Die Blütezeit vieler Pflanzen hat sich in den vergangenen Jahrzehnten deutlich nach vorne verschoben. Die Haselblüte setzt vielerorts sogar bis zu vier Wochen früher ein. Auch Erlen, Eschen und Ulmen blühen früher als in früheren Zeiten und viele Laubbäume behalten ihre grünen Blätter noch bis in den November hinein.
Auch auf den Menschen haben diese Veränderungen Auswirkungen. Landwirte müssen ihre Zeiten für Saat und Ernte auf die veränderten Bedingungen einstellen und Allergiker müssen sich wappnen: Eine Verlängerung der Vegetationsphase durch frühere Blüte bedeutet auch eine Verlängerung des Pollenflugs.

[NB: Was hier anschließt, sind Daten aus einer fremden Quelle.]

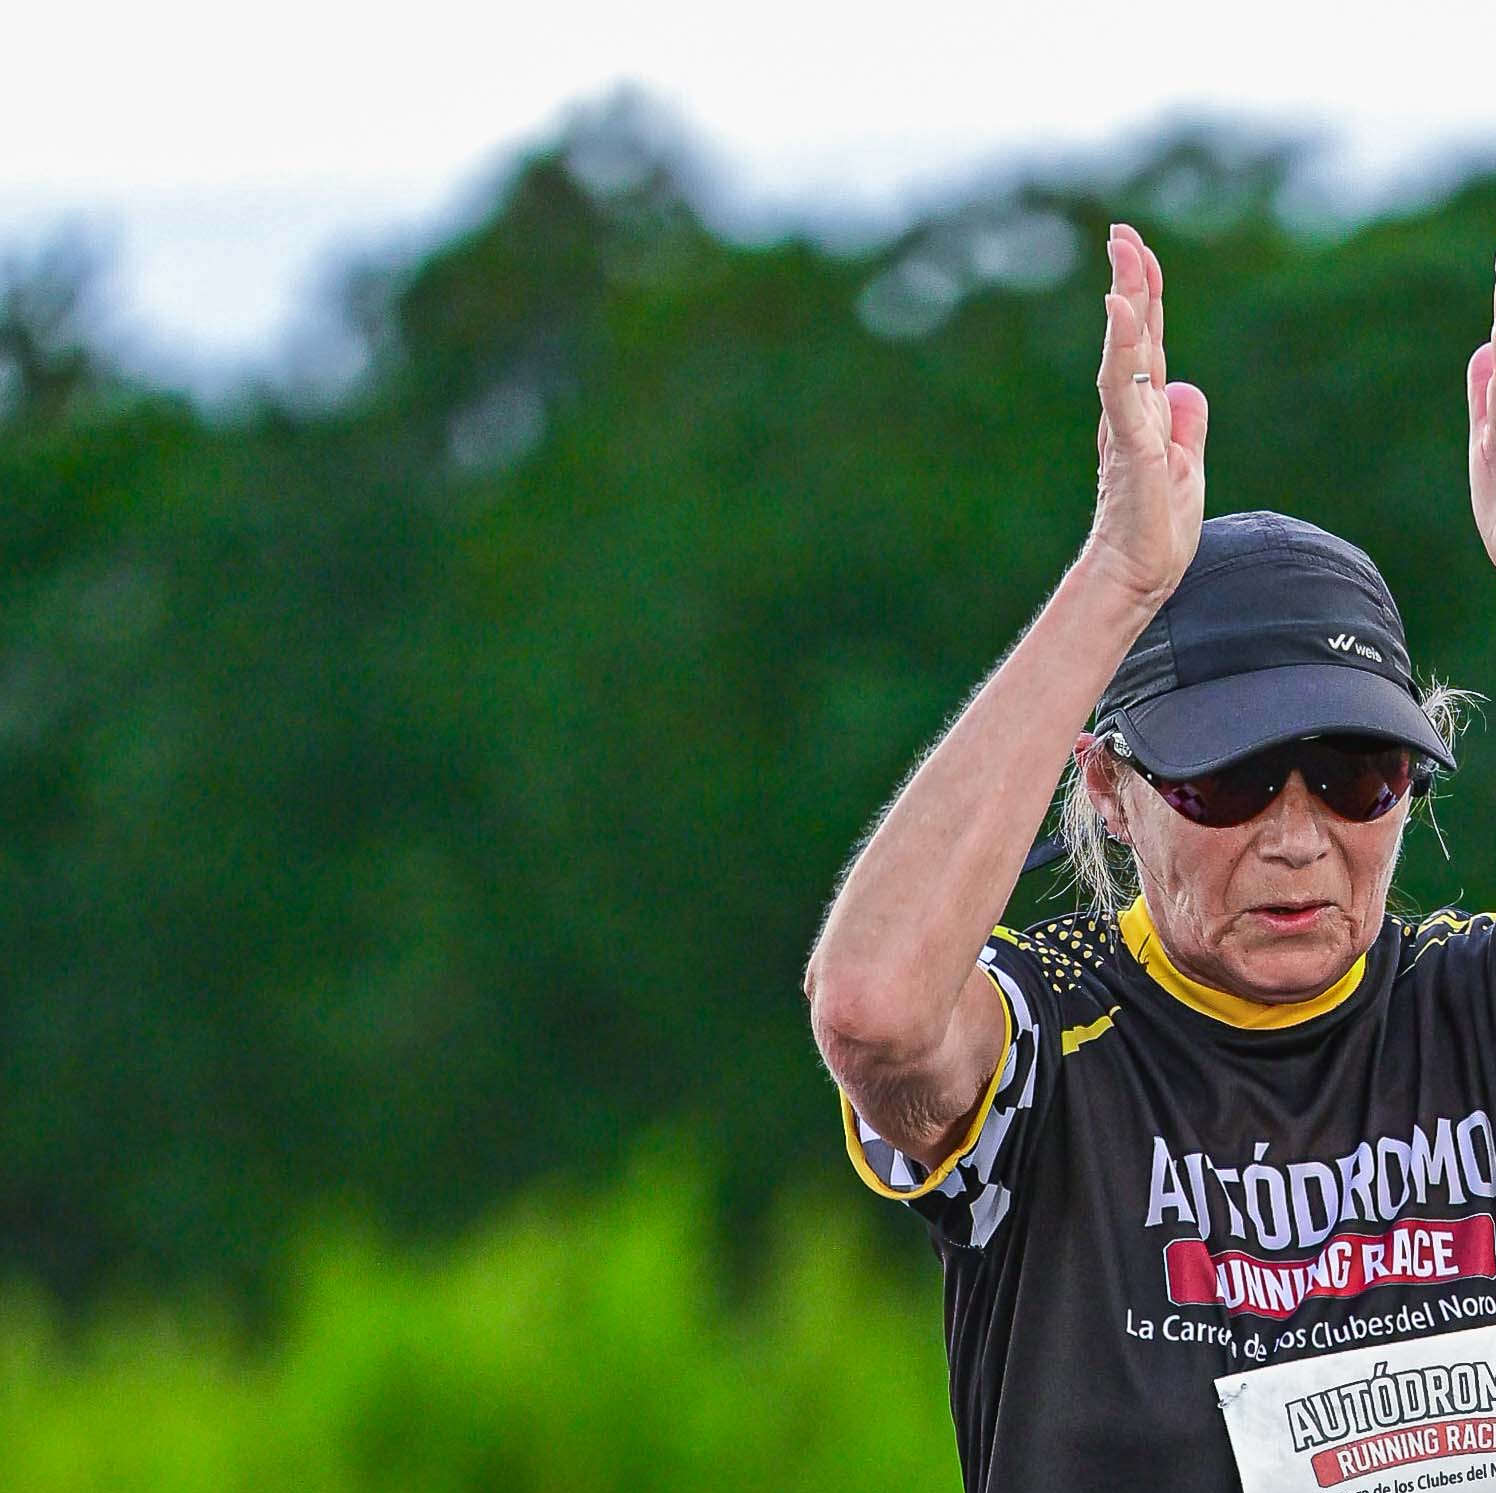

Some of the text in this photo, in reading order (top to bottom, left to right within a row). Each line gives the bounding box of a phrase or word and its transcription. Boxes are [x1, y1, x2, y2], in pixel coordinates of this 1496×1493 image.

Allergene Pflanzen wie die Schwarzerle blühen deutlich früher
Hinzu kommt, dass sich von unserem wärmeren Klima ganz neue Arten angezogen fühlen. Das Traubenkraut, auch Ambrosia genannt, ist in den vergangenen Jahren aus den USA nach Europa eingewandert und hat sich vereinzelt auch in Deutschland angesiedelt. Breitet sich der Einwanderer weiter aus, würde seine späte Blüte im August die Leidenszeit der Hypersensiblen weiter verlängern: Ambrosia gilt als extrem allergieauslösend.
Tiere und Klimaveränderung
Wenn sich die Pflanzen umstellen, folgen auch die Tiere: Manche Amphibienarten, zum Beispiel der Laubfrosch, laichen heute früher ab als in vergangenen Jahrzehnten.
Besonders deutlich werden die Veränderungen im Leben der Tiere jedoch an den Vögeln. Weil das Klima freundlicher wird und die Pflanzen nicht mehr lange ruhen, lohnt sich für manche Zugvögel, die Europa im Winter bisher verlassen haben, die lange Reise in den Süden nicht mehr.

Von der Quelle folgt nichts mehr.